The two remaining places were determined by a play-off system which itself was determined by the outcome of the 2015 Gold Cup. The system was as follows:
- If a team other than the four teams already qualified won the 2015 Gold Cup, the Gold Cup winners would qualify for the Copa América Centenario, while the two highest-ranked teams outside of those already qualified for the Copa América Centenario from the 2015 Gold Cup would compete in a play-off.
- If a team that had already qualified won the 2015 Gold Cup, the four highest-ranked teams outside of those already qualified for the Copa América Centenario from the 2015 CONCACAF Gold Cup would compete in two play-offs, with the highest-ranked team facing the fourth highest-ranked team, and the second highest-ranked team facing the third highest-ranked team.

Since the winners of the 2015 CONCACAF Gold Cup (Mexico) had already qualified for the Copa América Centenario, a total of four teams played in the qualifying play-offs.

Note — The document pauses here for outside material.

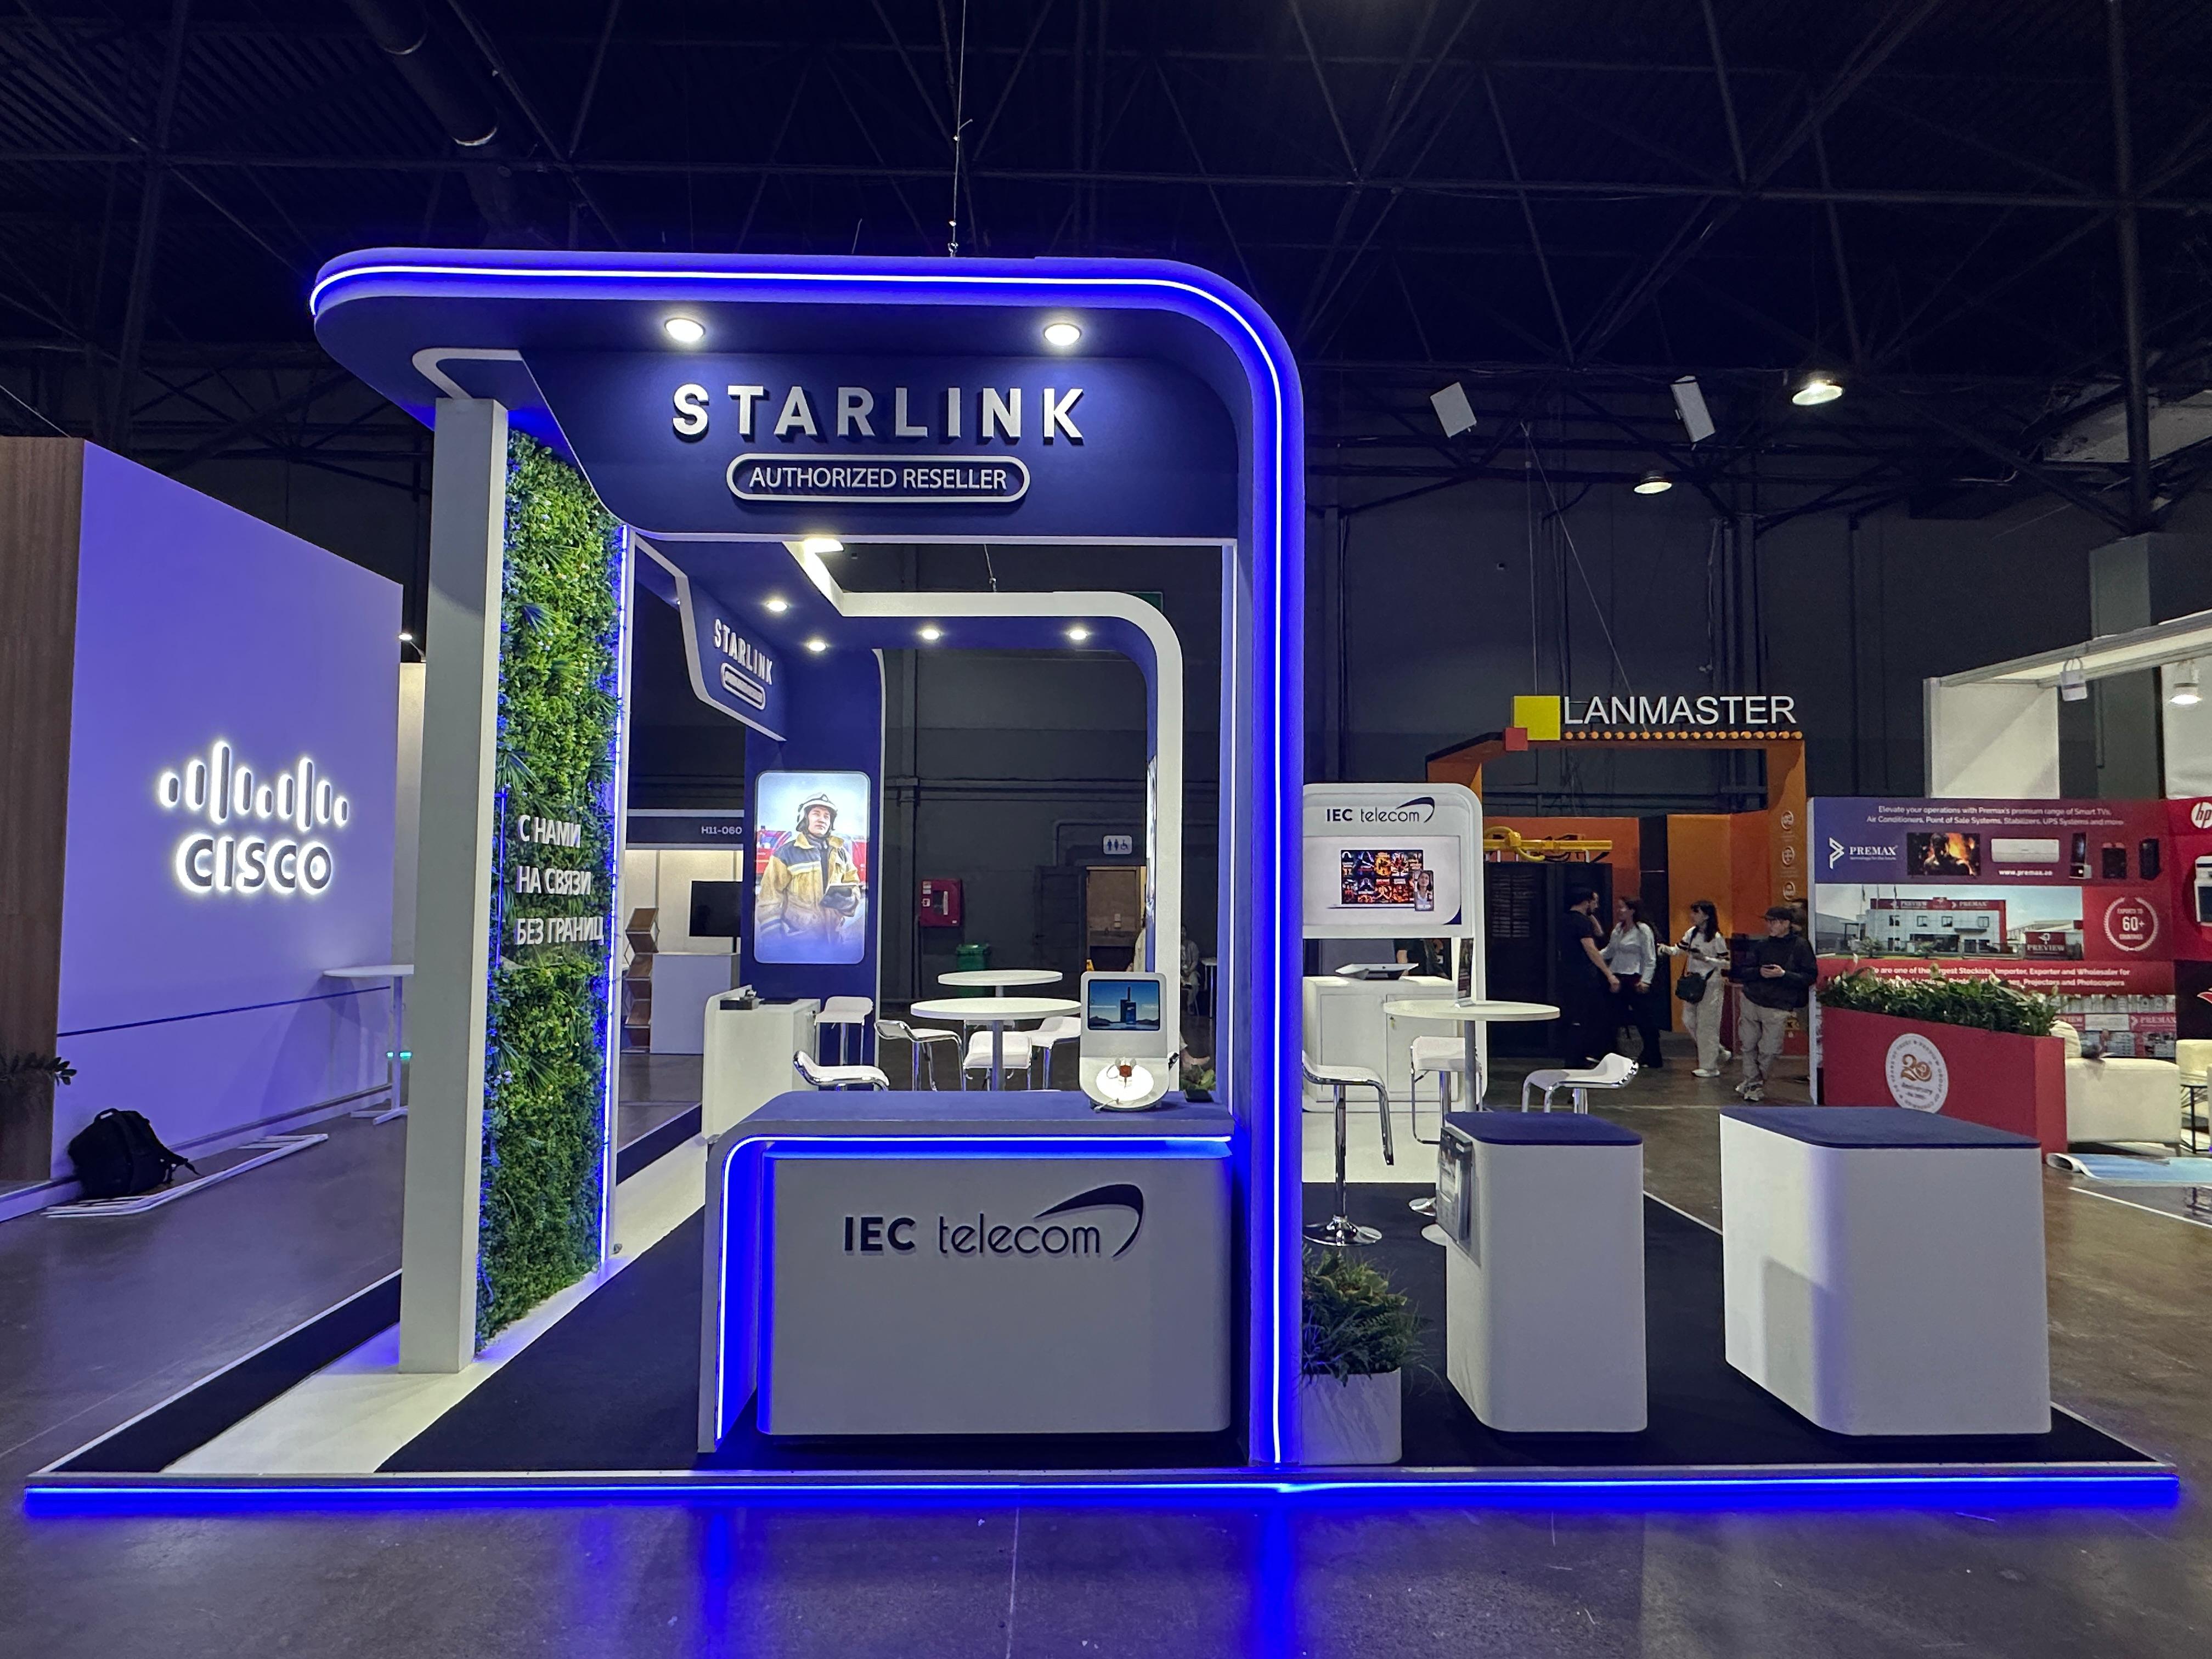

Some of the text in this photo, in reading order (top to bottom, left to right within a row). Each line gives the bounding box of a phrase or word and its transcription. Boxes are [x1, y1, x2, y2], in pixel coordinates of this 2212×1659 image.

==2015 CONCACAF Gold Cup tournament ranking==

Note: Per statistical convention in football, matches decided in extra time are counted as wins and losses, while matches decided by penalty shoot-out are counted as draws.

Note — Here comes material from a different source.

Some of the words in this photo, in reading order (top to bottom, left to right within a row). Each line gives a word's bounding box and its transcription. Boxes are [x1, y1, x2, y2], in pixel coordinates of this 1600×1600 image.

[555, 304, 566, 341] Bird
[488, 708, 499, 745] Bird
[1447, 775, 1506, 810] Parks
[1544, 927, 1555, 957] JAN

| Pos | Team | Pld | W | D | L | GF | GA | GD | Pts | Qualification for Copa América Centenario |
| 1 | Mexico | 6 | 4 | 2 | 0 | 16 | 6 | +10 | 14 | Qualified prior to 2015 CONCACAF Gold Cup |
| 2 | Jamaica | 6 | 4 | 1 | 1 | 8 | 6 | +2 | 13 |
| 3 | Panama | 6 | 0 | 5 | 1 | 6 | 7 | −1 | 5 | Play-offs |
| 4 | United States (H) | 6 | 3 | 2 | 1 | 12 | 5 | +7 | 11 | Qualified prior to 2015 CONCACAF Gold Cup |
| 5 | Trinidad and Tobago | 4 | 2 | 2 | 0 | 10 | 6 | +4 | 8 | Play-offs |
| 6 | Haiti | 4 | 1 | 1 | 2 | 2 | 3 | −1 | 4 |
| 7 | Costa Rica | 4 | 0 | 3 | 1 | 3 | 4 | −1 | 3 | Qualified prior to 2015 CONCACAF Gold Cup |
| 8 | Cuba | 4 | 1 | 0 | 3 | 1 | 14 | −13 | 3 | Play-offs |
| 9 | El Salvador | 3 | 0 | 2 | 1 | 1 | 2 | −1 | 2 |  |
| 10 | Canada (H) | 3 | 0 | 2 | 1 | 0 | 1 | −1 | 2 |
| 11 | Honduras | 3 | 0 | 1 | 2 | 2 | 4 | −2 | 1 |
| 12 | Guatemala | 3 | 0 | 1 | 2 | 1 | 4 | −3 | 1 |

==Seeding==
The four teams were seeded based on the Gold Cup results:
1. PAN
2. TRI
3. HAI
4. CUB

The match-ups in the play-offs were:
- Seed #2 vs Seed #3
- Seed #4 vs Seed #1

It was reported that each tie would be played over two legs in October 2015. However, on 29 October 2015 CONCACAF confirmed that the ties would be played as a single-match doubleheader hosted at the Estadio Rommel Fernández in Panama City, Panama on 8 January 2016, with Panama earning the hosting rights as the highest-seeded team.

==Matches==

TRI 0-1 HAI
  HAI: Belfort 86' (Note: CONCACAF made a correction and awarded the goal to Kervens Belfort. It had previously been awarded to Pascal Millien.)
Haiti qualified for the Copa América Centenario.
----

CUB 0-4 PAN
  PAN: Gómez 3', Tejada 17' (pen.), Cooper 52', Pérez 89'
Panama qualified for the Copa América Centenario.